- DATASET EXCERPTS -
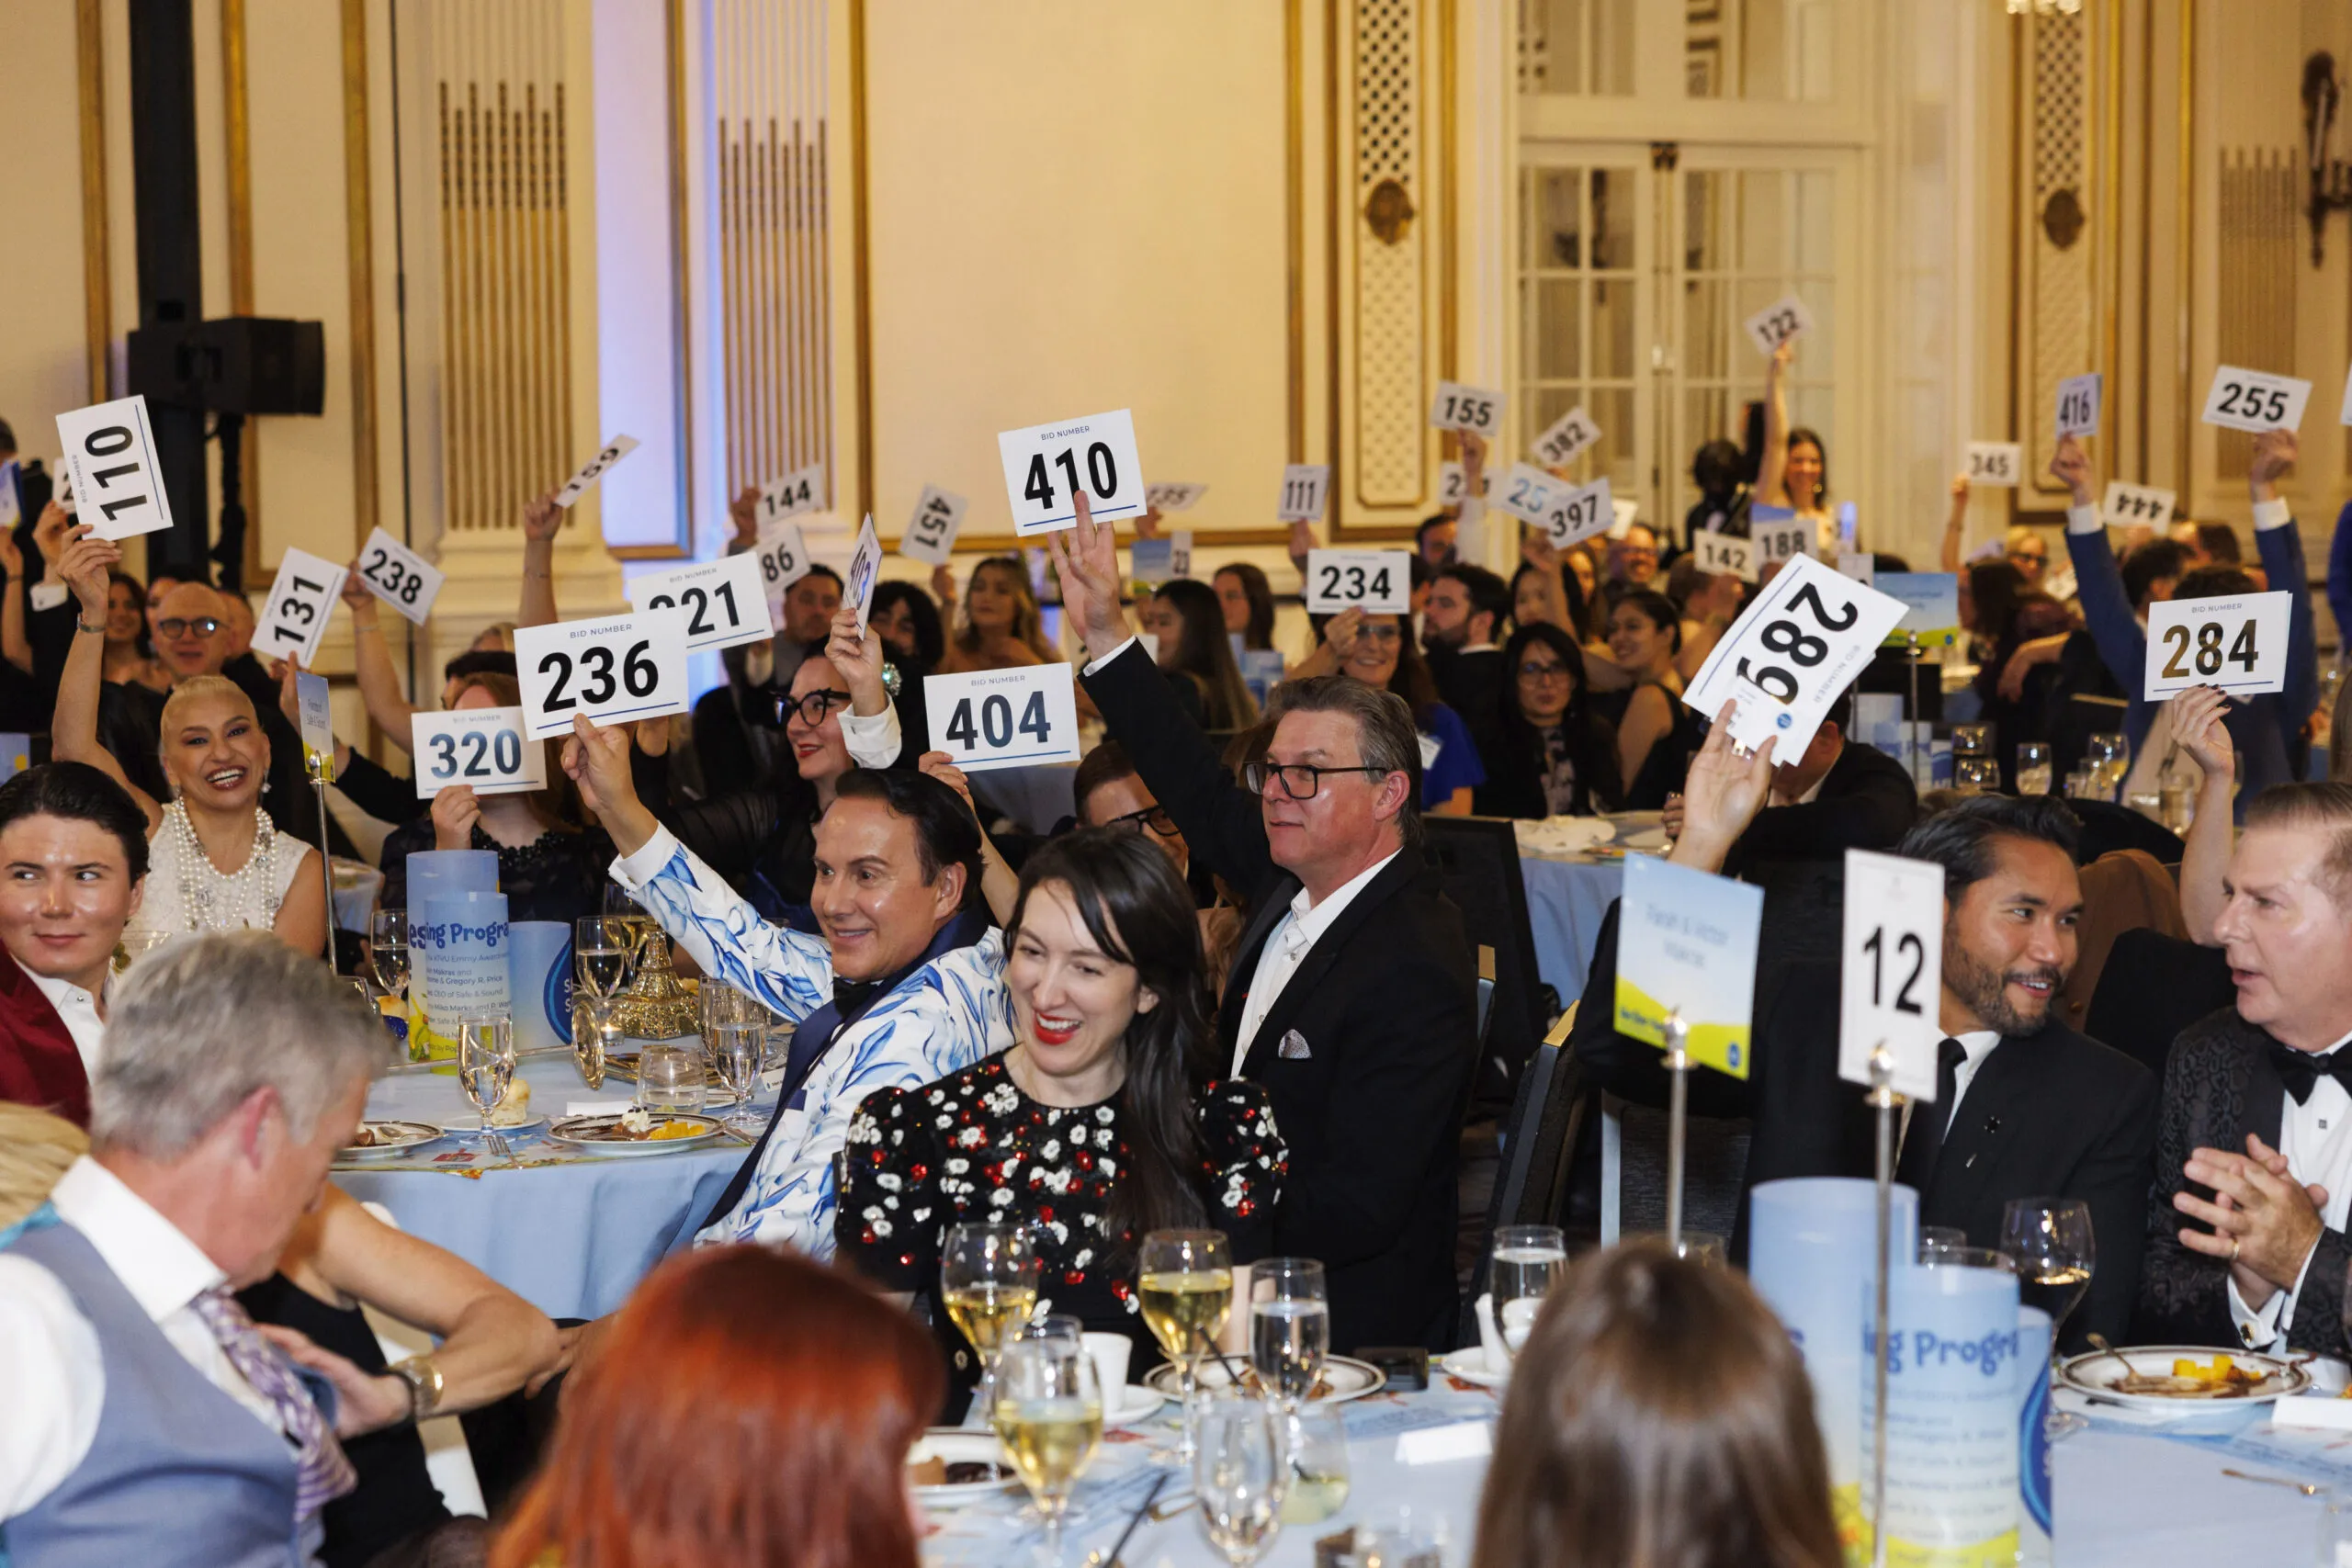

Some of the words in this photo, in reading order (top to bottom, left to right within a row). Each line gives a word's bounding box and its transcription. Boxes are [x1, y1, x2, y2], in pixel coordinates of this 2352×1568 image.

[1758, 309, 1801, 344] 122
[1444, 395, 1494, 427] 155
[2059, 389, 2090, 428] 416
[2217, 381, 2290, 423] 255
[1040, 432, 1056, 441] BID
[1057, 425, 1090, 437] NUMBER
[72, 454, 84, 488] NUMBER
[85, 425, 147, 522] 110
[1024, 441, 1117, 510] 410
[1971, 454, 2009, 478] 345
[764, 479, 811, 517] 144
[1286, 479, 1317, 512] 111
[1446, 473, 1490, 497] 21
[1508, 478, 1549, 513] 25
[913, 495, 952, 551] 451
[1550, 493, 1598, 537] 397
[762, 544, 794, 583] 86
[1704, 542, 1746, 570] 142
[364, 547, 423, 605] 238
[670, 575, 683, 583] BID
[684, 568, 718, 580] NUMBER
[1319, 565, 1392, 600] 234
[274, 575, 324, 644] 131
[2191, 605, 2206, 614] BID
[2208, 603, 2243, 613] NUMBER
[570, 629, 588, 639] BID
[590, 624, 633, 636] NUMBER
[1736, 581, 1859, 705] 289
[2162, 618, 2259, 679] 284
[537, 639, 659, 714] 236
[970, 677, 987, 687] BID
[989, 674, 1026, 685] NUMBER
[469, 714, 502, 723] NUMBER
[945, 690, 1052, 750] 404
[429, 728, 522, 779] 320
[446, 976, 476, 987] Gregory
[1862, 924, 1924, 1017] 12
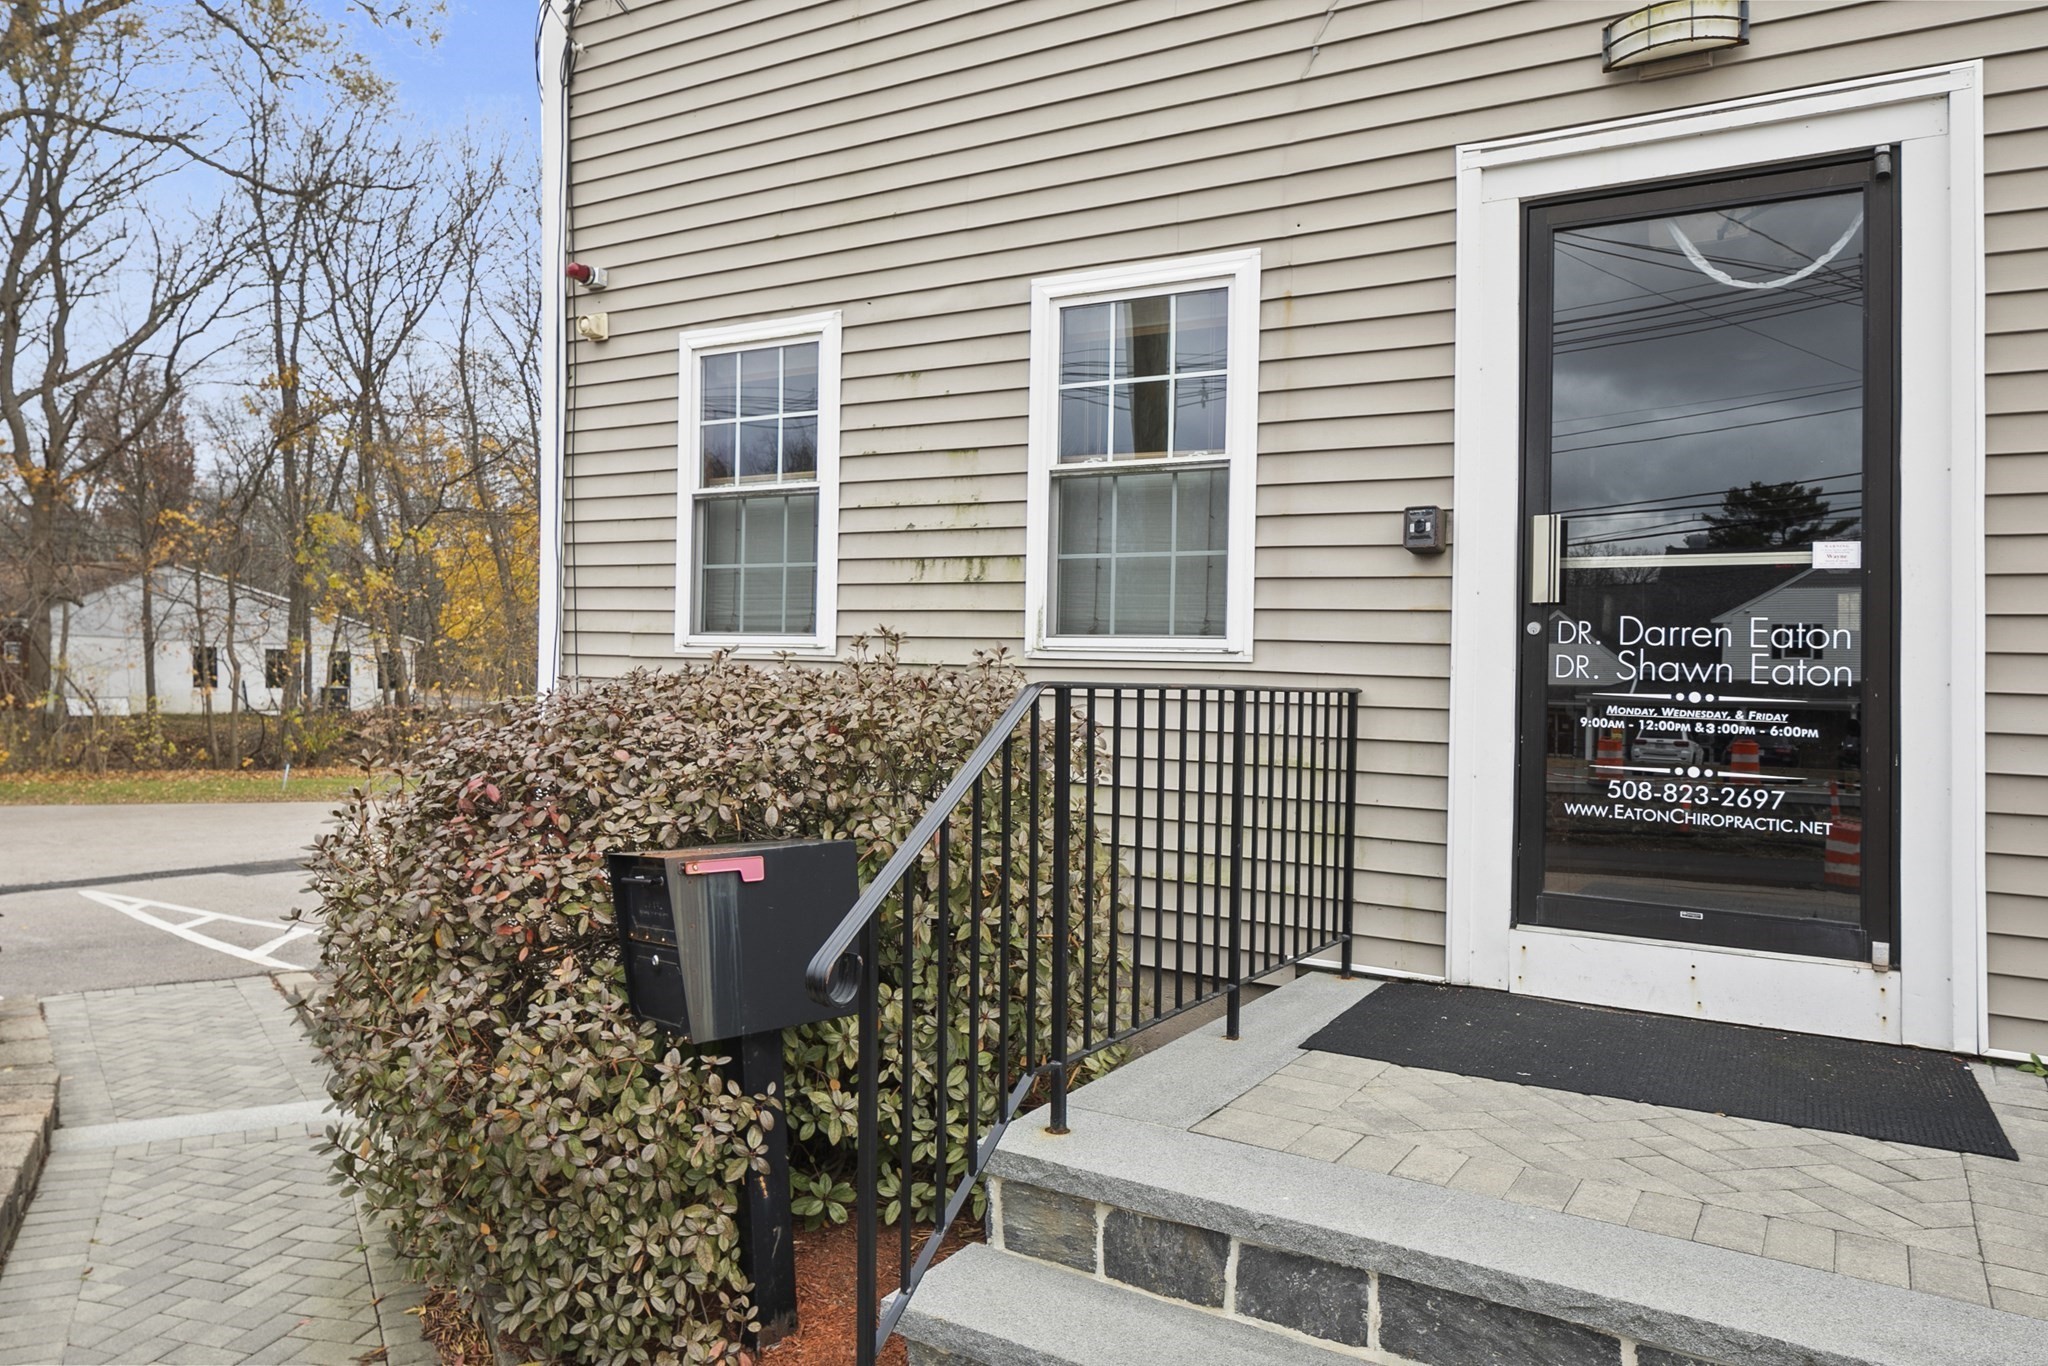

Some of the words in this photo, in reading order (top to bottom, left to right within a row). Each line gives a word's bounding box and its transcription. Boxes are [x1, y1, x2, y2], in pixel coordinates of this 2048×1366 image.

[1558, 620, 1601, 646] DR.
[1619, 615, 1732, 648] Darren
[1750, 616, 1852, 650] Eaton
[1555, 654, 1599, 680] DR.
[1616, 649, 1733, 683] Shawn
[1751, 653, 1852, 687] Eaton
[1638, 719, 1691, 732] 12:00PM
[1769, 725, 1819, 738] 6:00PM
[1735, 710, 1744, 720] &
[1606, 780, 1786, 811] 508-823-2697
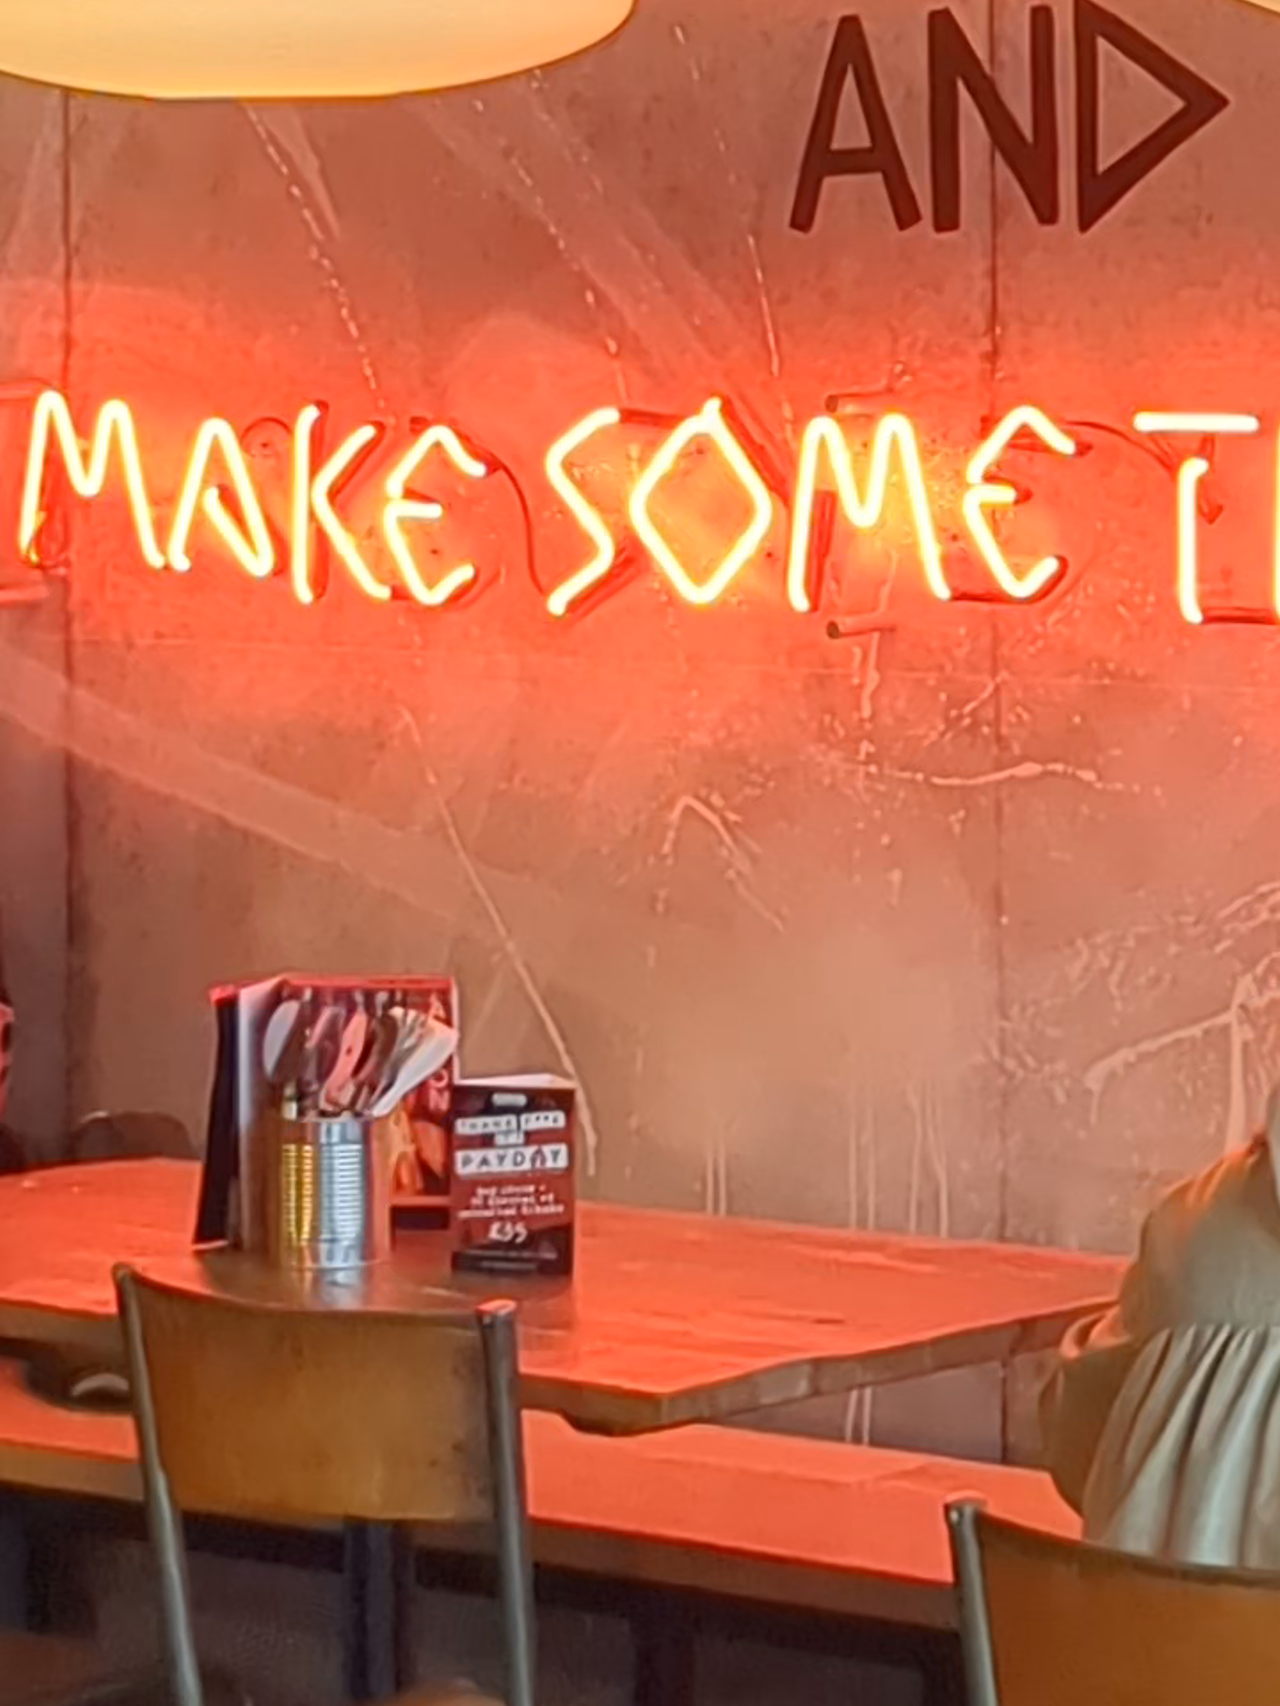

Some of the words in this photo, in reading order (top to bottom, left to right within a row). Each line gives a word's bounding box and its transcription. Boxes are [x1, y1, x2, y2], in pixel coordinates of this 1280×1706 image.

- WORK TO COMPLETE -
Repeat the material above exactly; any picture in it is left out.

- RESPONSE TO THE EXERCISE -
Some of the words in this photo, in reading order (top to bottom, left to right within a row). Each line gives a word's bounding box and its transcription. Boxes are [x1, y1, x2, y2], in pixel coordinates of this 2352×1568 image.

[1758, 309, 1801, 344] 122
[1444, 395, 1494, 427] 155
[2059, 389, 2090, 428] 416
[2217, 381, 2290, 423] 255
[1040, 432, 1056, 441] BID
[1057, 425, 1090, 437] NUMBER
[72, 454, 84, 488] NUMBER
[85, 425, 147, 522] 110
[1024, 441, 1117, 510] 410
[1971, 454, 2009, 478] 345
[764, 479, 811, 517] 144
[1286, 479, 1317, 512] 111
[1446, 473, 1490, 497] 21
[1508, 478, 1549, 513] 25
[913, 495, 952, 551] 451
[1550, 493, 1598, 537] 397
[762, 544, 794, 583] 86
[1704, 542, 1746, 570] 142
[364, 547, 423, 605] 238
[670, 575, 683, 583] BID
[684, 568, 718, 580] NUMBER
[1319, 565, 1392, 600] 234
[274, 575, 324, 644] 131
[2191, 605, 2206, 614] BID
[2208, 603, 2243, 613] NUMBER
[570, 629, 588, 639] BID
[590, 624, 633, 636] NUMBER
[1736, 581, 1859, 705] 289
[2162, 618, 2259, 679] 284
[537, 639, 659, 714] 236
[970, 677, 987, 687] BID
[989, 674, 1026, 685] NUMBER
[469, 714, 502, 723] NUMBER
[945, 690, 1052, 750] 404
[429, 728, 522, 779] 320
[446, 976, 476, 987] Gregory
[1862, 924, 1924, 1017] 12

Some of the words in this photo, in reading order (top to bottom, left to right within a row). Each line gives a word's bounding box and its transcription. Boxes are [x1, y1, x2, y2], in pixel coordinates of this 2048×1366 image.

[1558, 620, 1601, 646] DR.
[1619, 615, 1732, 648] Darren
[1750, 616, 1852, 650] Eaton
[1555, 654, 1599, 680] DR.
[1616, 649, 1733, 683] Shawn
[1751, 653, 1852, 687] Eaton
[1638, 719, 1691, 732] 12:00PM
[1769, 725, 1819, 738] 6:00PM
[1735, 710, 1744, 720] &
[1606, 780, 1786, 811] 508-823-2697

Some of the words in this photo, in reading order (top to bottom, left to right within a row). Each line gives a word's bounding box and its transcription. Boxes are [x1, y1, x2, y2], in pixel coordinates of this 1280×1706 image.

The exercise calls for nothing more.